Sounds good! I've merged the reviewer_comments branch, so tests now are updated to (and expect) dplyr 1.1.0.

mikemahoney218 commented 1 year ago

@becarioprecario , thank you for a thoughtful review! I've addressed most of your comments in the GitHub version of the package. I'm not sure about the best way to address the set of comments talking about the autocorrelation metrics; more detail on that below.


The following comments have been addressed in the current GitHub version:

Vignettes: The vignettes seem to describe major functionalities in the package. I wonder whether in the main vignette waywiser the author could include a summary of all the capabilities of the R package (e.g., a table with a list of the available statistics implemented: name, descrption and, maybe, reference).

Added! Commit here, rendered version here. I focused on the statistical functions, and didn't include helper functions or data, as I think those are more usefully described on the package reference page.

Vignette residual-autocorrelation I would use title Local Moran rather than Morans I in the label of the legend as the local Moran is what appears in the plot

Fixed, thank you! Commit here, rendered version here.

Manual pages: I think that the examples included in the package include cases studies for all main functions in the package. For example, file global_geary_c.Rd includes an example in which function ww_global_geary() is exemplified.

I've added examples for all functions to their respective Rd pages. I might eventually need to wrap some of these in if (interactive()) or similar, as past versions of the package have had issues with CRAN due to examples taking too long, but I agree it makes sense for all the functions to be demonstrated.

When I run, for example, ww_global_geary(guerry_modeled, crime_pers, predictions) it is not clear to me what to do with the output. It provides a tibble with the estimate and a p-value, as well as a geometry in both lines. What is the geometry for?

The geometry is no longer returned; this was a mistake in earlier versions of the package.

Should the author(s) deem it appropriate, I agree to be acknowledged as a package reviewer ("rev" role) in the package DESCRIPTION file.

Thank you! I'll add you as a reviewer in the DESCRIPTION once the package is accepted :smile:


I'm not sure of the best way to address this set of comments, and would appreciate further input from folks:

NOTE FROM REVIEWER: Some of the exported functions seem to be internal functions (see my comment below)

All the other functions described in the manual page are internal functions called from ww_global_geary(). At least, this is my feeling after reading the Rd files.

Related to my previous comment, it may be good to keep some functions as internal and not exported in the NAMESPACE file. For example, functions to compute p-values and possibly others.

Also, is there a way of getting a summary of the test? I mean, in a similar way as standard functions in the spdep package for Geary's c test, etc.

I think these comments reflect that a few functions (namely, the p-value functions) are maybe a bit out of scope for the package, but I'm interested in what you (and others) think.

For context, waywiser is meant to be a straightforward extension of yardstick for spatial data.
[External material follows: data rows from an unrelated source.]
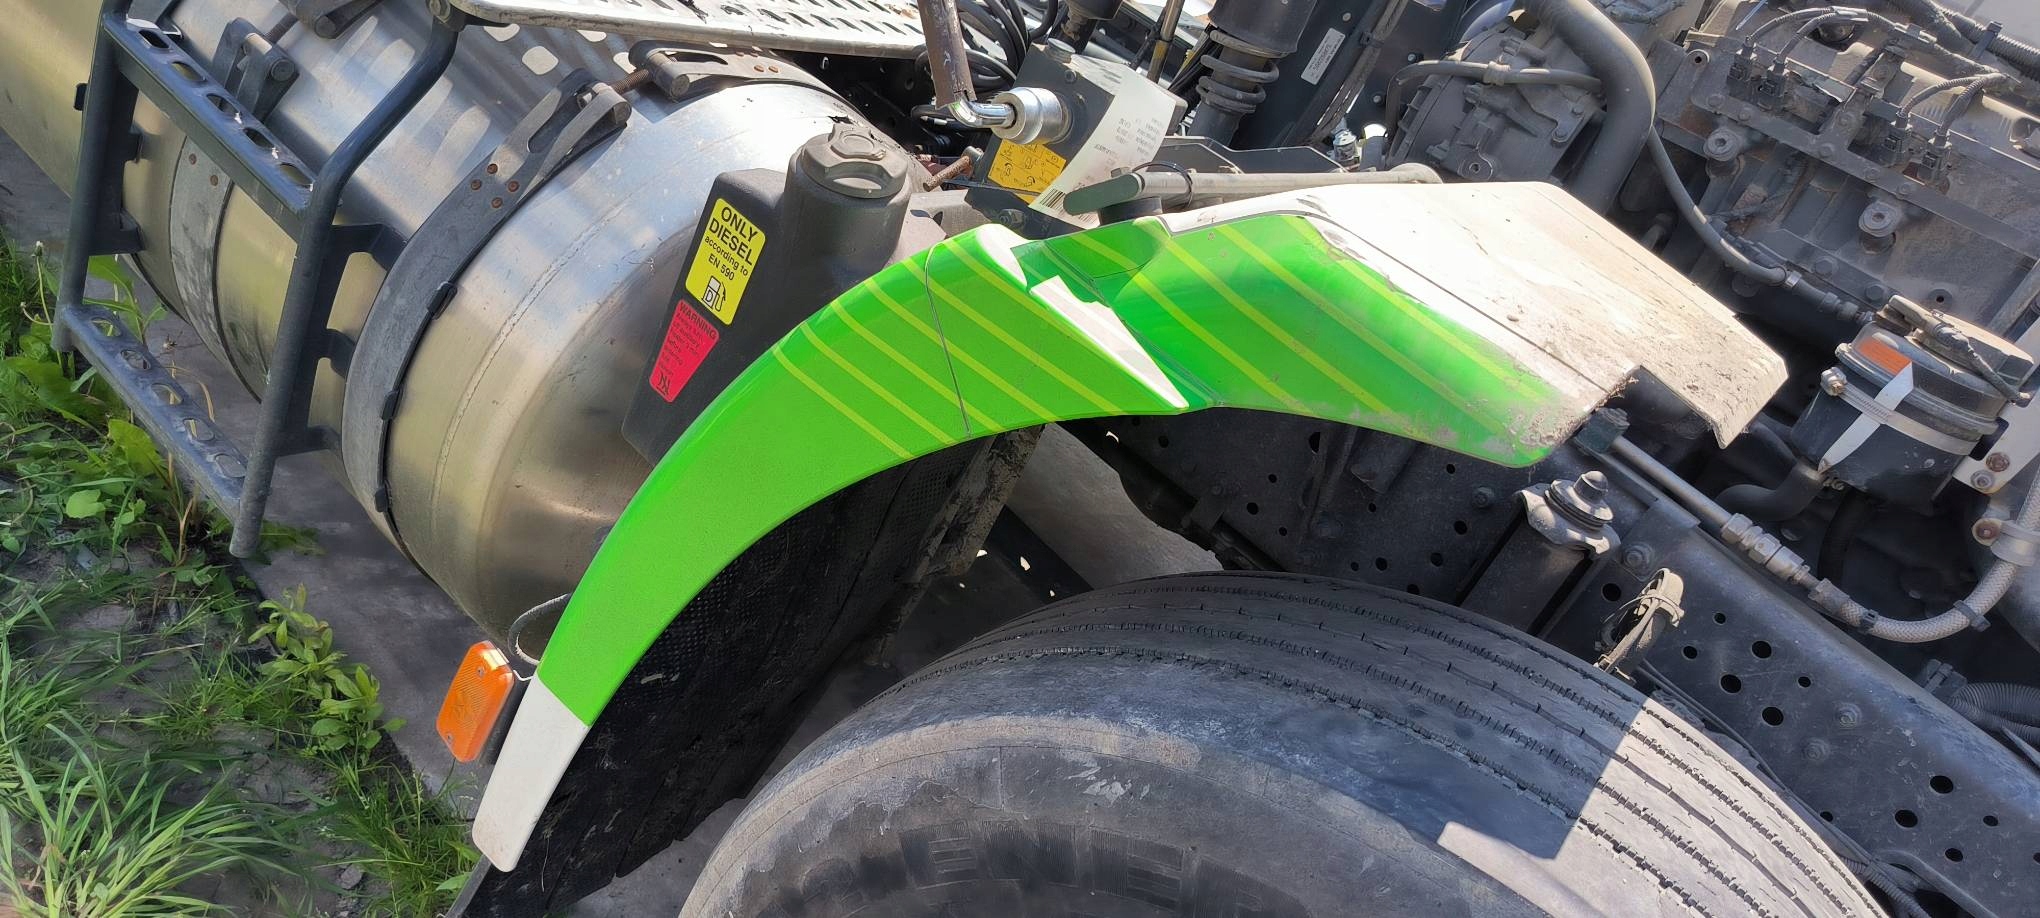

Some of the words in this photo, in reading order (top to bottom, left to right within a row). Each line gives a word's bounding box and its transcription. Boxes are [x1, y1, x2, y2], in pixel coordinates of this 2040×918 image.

[709, 218, 753, 266] DIESEL
[721, 207, 758, 242] ONLY
[705, 236, 740, 270] according
[739, 265, 749, 276] to
[708, 253, 720, 269] EN
[720, 264, 735, 281] 590
[706, 290, 714, 302] D
[680, 302, 717, 339] WARNING
The yardstick README says "yardstick is a package to estimate how well models are working using tidy data principles"; waywiser is also supposed to be a package for estimating model performance.

The p-value functions are included as "model assessment" tools because I've seen modeling projects use p-values to ID areas of concern, with regards to autocorrelation: locations with more extreme p-values for local autocorrelation metrics were selected for further investigation, to see if model specifications could be improved. In that sense, p-values are included as an assessment metric for predictive modeling, and not so much for statistical testing purposes. As such, waywiser lets you return p-values without also returning test statistics themselves, as this approach doesn't really require looking at the underlying test statistic values; extreme p-values are areas of interest, no matter what their actual statistic is.

It would make sense, if you're using these statistics for inference, that you'd want more information than waywiser currently provides. But I think providing this is a little challenging given how yardstick views its metrics. In the yardstick approach -- which waywiser matches as closely as possible -- each function is meant to be atomic, returning a single metric:

library(yardstick)

rmse(Orange, age, circumference)
#> # A tibble: 1 × 3
#>   .metric .estimator .estimate
#>   <chr>   <chr>          <dbl>
#> 1 rmse    standard        915.
mae(Orange, age, circumference)
#> # A tibble: 1 × 3
#>   .metric .estimator .estimate
#>   <chr>   <chr>          <dbl>
#> 1 mae     standard        806.
rmse_vec(Orange$age, Orange$circumference)
#> [1] 915.4996

Created on 2023-01-31 with reprex v2.0.2

This is why ww_global_geary() and similar functions were removed after the last CRAN release -- these "combination functions" which returned two types of metrics (the test statistic and p-value) weren't really natural fits for how yardstick works, and caused a lot of problems.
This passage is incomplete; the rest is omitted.